Task to carry out
From the entries that follow, report every line in which "产党领导" occurs.

Information supplied
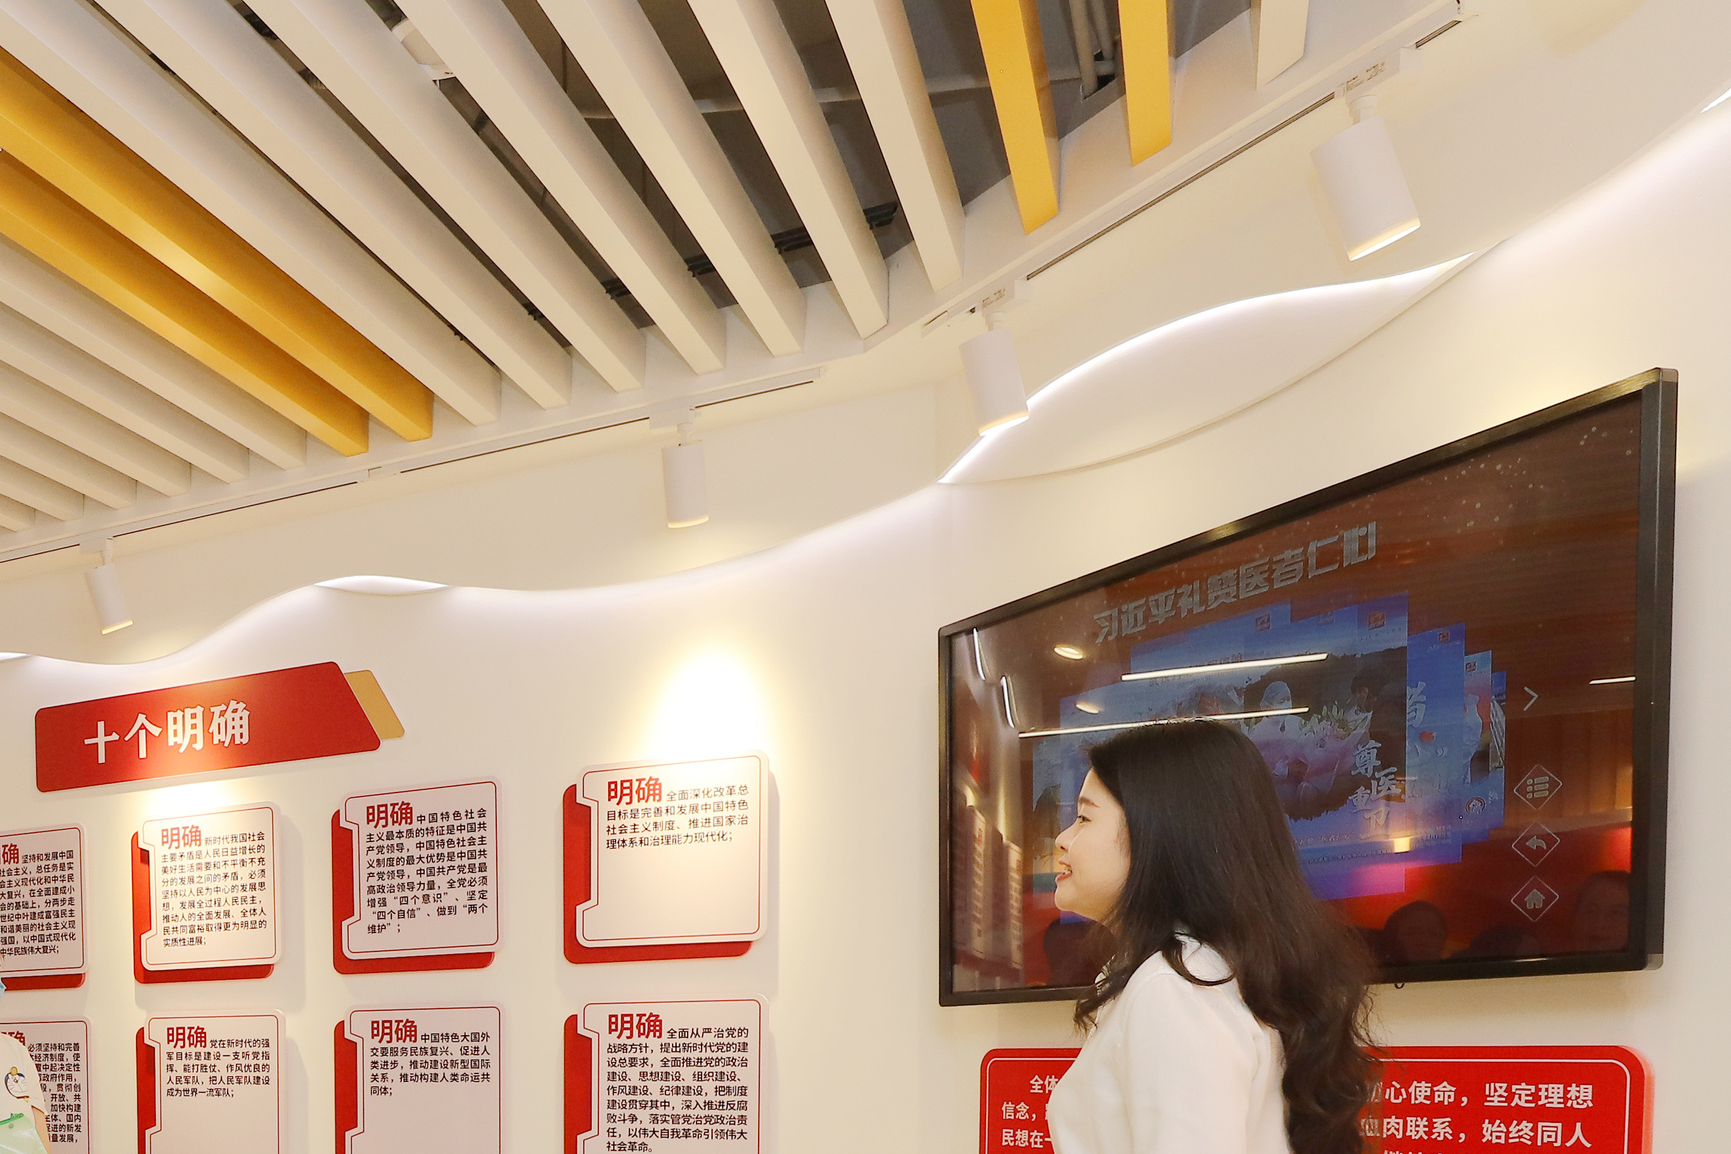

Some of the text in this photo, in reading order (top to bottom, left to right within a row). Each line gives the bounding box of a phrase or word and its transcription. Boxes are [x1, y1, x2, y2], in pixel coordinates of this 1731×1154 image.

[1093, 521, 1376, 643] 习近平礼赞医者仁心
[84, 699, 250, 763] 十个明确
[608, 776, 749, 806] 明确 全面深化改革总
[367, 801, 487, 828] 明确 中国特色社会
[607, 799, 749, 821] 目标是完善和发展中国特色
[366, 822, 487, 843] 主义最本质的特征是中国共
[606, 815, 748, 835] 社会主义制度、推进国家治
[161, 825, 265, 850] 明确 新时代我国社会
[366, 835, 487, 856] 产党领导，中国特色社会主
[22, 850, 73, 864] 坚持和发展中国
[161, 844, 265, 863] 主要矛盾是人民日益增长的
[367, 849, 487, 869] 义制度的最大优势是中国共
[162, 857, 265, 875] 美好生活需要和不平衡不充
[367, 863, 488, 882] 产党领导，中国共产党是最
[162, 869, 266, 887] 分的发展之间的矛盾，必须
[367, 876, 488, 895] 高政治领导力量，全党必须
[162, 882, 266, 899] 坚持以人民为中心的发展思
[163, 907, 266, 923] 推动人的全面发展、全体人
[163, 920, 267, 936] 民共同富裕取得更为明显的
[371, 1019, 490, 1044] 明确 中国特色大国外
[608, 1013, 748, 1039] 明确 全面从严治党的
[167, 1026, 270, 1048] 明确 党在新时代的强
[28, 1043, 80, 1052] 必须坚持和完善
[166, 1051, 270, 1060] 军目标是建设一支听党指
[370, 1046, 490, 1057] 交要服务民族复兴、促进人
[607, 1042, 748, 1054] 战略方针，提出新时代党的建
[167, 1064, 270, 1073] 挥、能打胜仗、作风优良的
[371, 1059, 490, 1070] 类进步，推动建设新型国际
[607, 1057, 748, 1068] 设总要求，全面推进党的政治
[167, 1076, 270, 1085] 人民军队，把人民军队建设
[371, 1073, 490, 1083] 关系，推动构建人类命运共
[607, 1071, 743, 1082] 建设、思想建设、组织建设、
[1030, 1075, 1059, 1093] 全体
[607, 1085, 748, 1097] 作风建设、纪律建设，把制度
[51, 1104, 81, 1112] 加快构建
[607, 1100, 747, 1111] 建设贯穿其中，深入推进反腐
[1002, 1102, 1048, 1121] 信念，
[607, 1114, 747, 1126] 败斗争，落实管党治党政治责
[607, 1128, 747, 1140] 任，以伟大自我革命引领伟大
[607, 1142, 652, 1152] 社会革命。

Solution for this problem
[366, 835, 487, 856] 产党领导，中国特色社会主
[367, 863, 488, 882] 产党领导，中国共产党是最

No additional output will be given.